Prince Grigory Potemkin, was a favourite and, indeed, a lover of Catherine the Great – one of many, for she was sexually insatiable. He decided to try to win her favour during her visit to the Crimea in 1787.

Potemkin had played a leading role in enlarging Catherine’s possessions in southern Russia, including the annexation of the Crimea, and he wanted to impress the Empress with the wealth of her new domains. So he built a chain of villages along the banks of the Dnieper River which Catherine would see as she passed.

In fact he just built the painted facades and made sure they looked as if they were inhabited by happy, well-fed (and thus prosperous) peasants – thousands of peasants were stage-managed to play the part, singing, dancing and cheering as Catherine passed. The facades could then be dismantled and re-erected further on to delight the Empress all over again. This gave us the immortal phrase, “a Potemkin village”.

This phrase has been in the air since the recent publication of the minutes of the ANC’s Deployment Committee has created a storm, particularly in DA circles, over the “revelation” that this Committee has been deciding on appointments to every position, board or committee of importance in the public sector, including the judiciary.

It is one of the great weaknesses of South African public life that very few politicians, journalists or even academics are much versed in the history of other countries. Indeed, they are also little versed in South African history, including the history of the ANC. The result is an almost complete lack of any historical or comparative perspective and a corresponding naivete.

This has been very much in evidence in recent time with only a very slow dawning of the realisation of just what the country had inflicted on itself by putting the ANC in power. To an astonishing degree people of all races accepted the ANC in 1994 at its own inflated valuation. For anyone who knew the ANC’s history or the story of “liberation movements” elsewhere in the Third World, this was simply absurd.

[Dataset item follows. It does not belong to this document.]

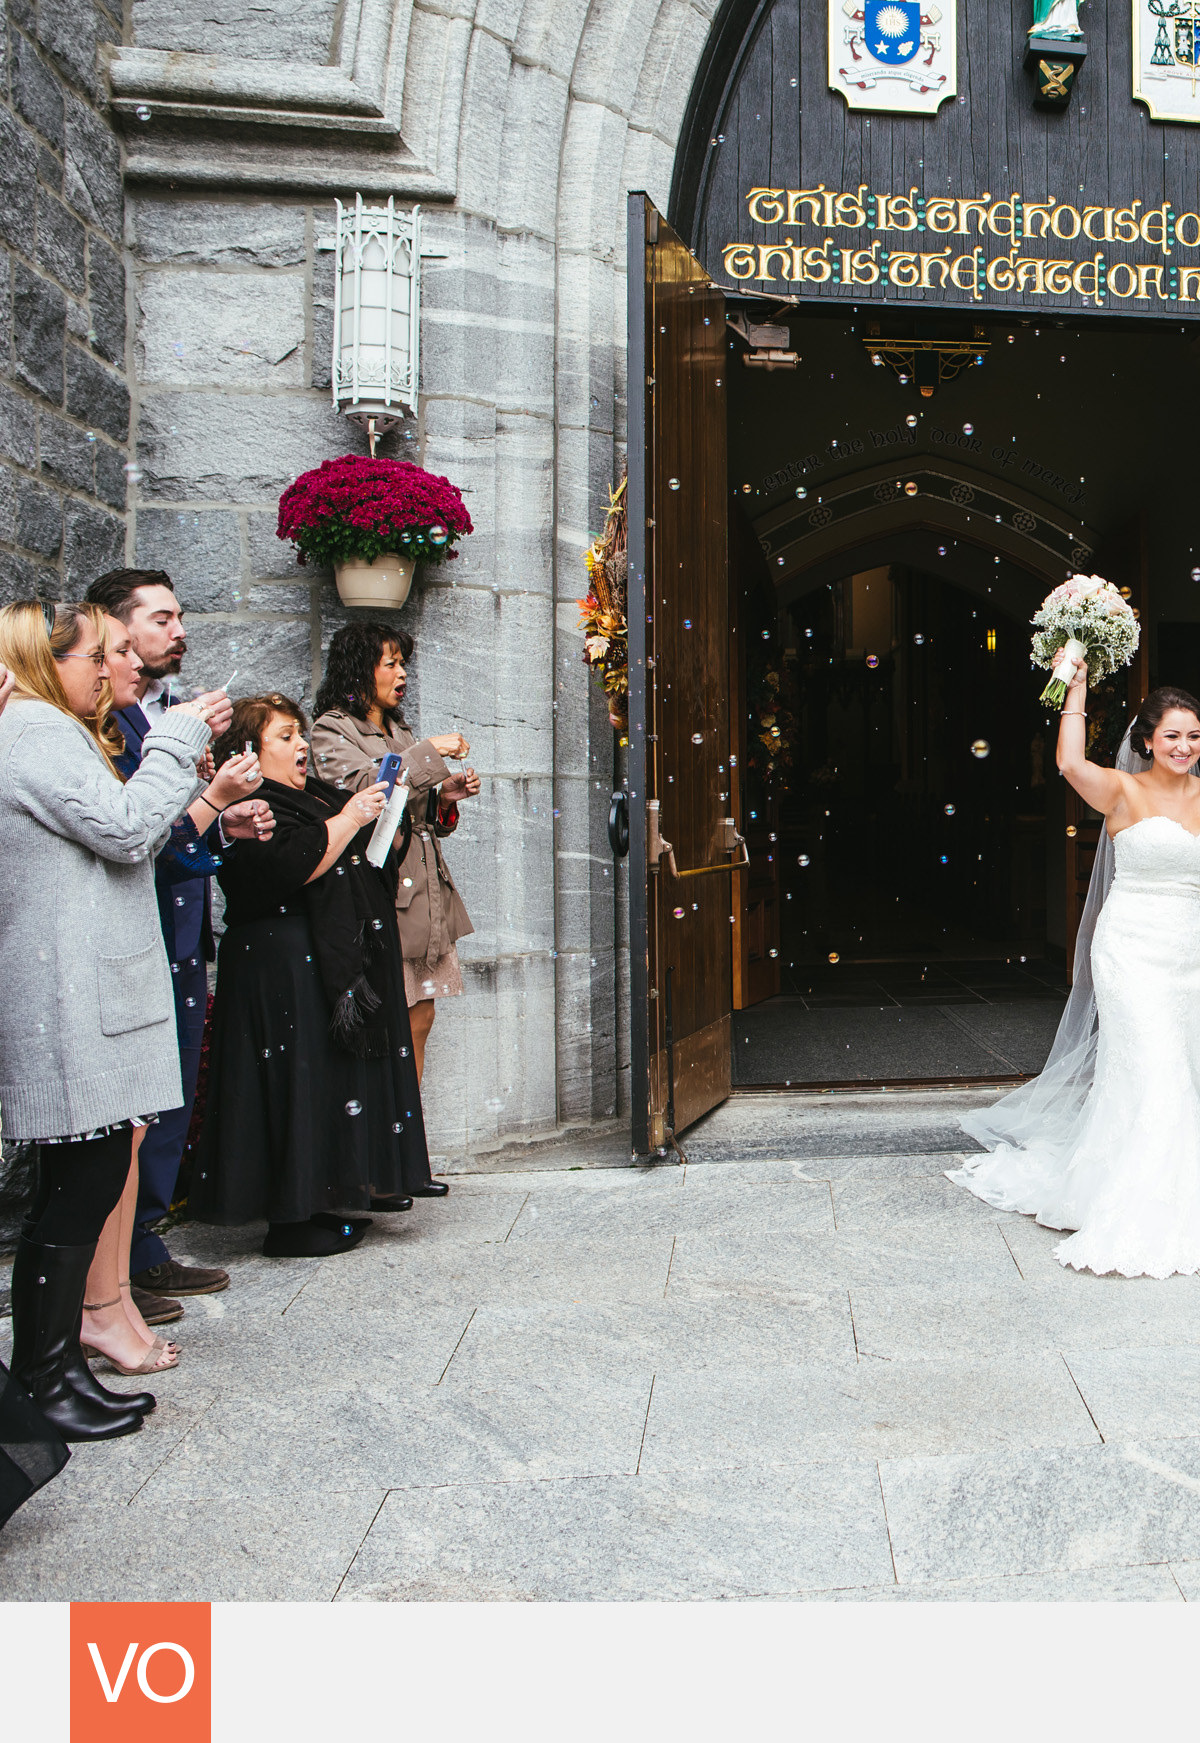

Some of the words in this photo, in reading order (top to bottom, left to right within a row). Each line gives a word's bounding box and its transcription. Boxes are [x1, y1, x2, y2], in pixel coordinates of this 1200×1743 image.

Nothing like enough attention was paid not just to the fact that the ANC had been deeply influenced by the SACP during the long decades of the Struggle but to the fact that the SACP had always been a thoroughly Stalinist party.

For the SACP (and ANC) neither 1956 nor 1968 (the Soviet invasions of Hungary and, later, Czechoslovakia) created anything like the shake-out that it did in many Western communist parties. Similarly, there was no equivalent for the SACP of the Eurocommunist wave which so affected the great European CPs.

The net result of this was that the ANC was thoroughly Sovietized not only in its language and style (the stress on being ‘revolutionary”, the appellation “comrade”, the adoption of the Soviet slogan of “the national democratic revolution” etc), but in its stress on party discipline and “democratic centralism” (i.e. rule by the Central Committee and its Politburo – in the ANC case, by the NEC) and in its organization of power.

When the Bolsheviks took power in 1917 Lenin was extremely conscious that they had only minority support. Accordingly, he instructed his comrades that while everything must be done to give an appearance of democracy, all actual power should belong exclusively to the Bolsheviks. To achieve this Lenin relied partially on an iron-clad democratic centralism but also by appointing reliable Bolsheviks to all important positions.

This system was taken a step further by Stalin. Indeed, Stalin only rose to power – beating far more talented men like Trotsky, Zinoviev and Bukharin -because as Secretary of the Central Committee he was able to insert his supporters in a multitude of posts. Inevitably, they supported Stalin and that was decisive.

Thereafter, as General Secretary of the Party, Stalin headed the Party’s Secretariat and thus had control of nominations to all positions. Throughout his long rule (1924-1953) this remained the basis of Stalin’s absolute power. Stalin packed all institutions with his loyal cadres and, as he was fond of saying, “the cadres decide everything”.

This naturally included all appointments to the Soviet judiciary as well as all other key legal officials such as the prosecutors, thus giving Stalin complete control of the courts and, indeed, of pretty much everything that happened in them.

Nobody doubted, for example, that Andrey Vyshinsky, the prosecutor in all the show trials, was operating on a script effectively devised by Stalin. There was no room for an independent judiciary in the USSR any more than there is in China or Russia today. In China, for example, of those charged with committing crimes 99.7% are found guilty.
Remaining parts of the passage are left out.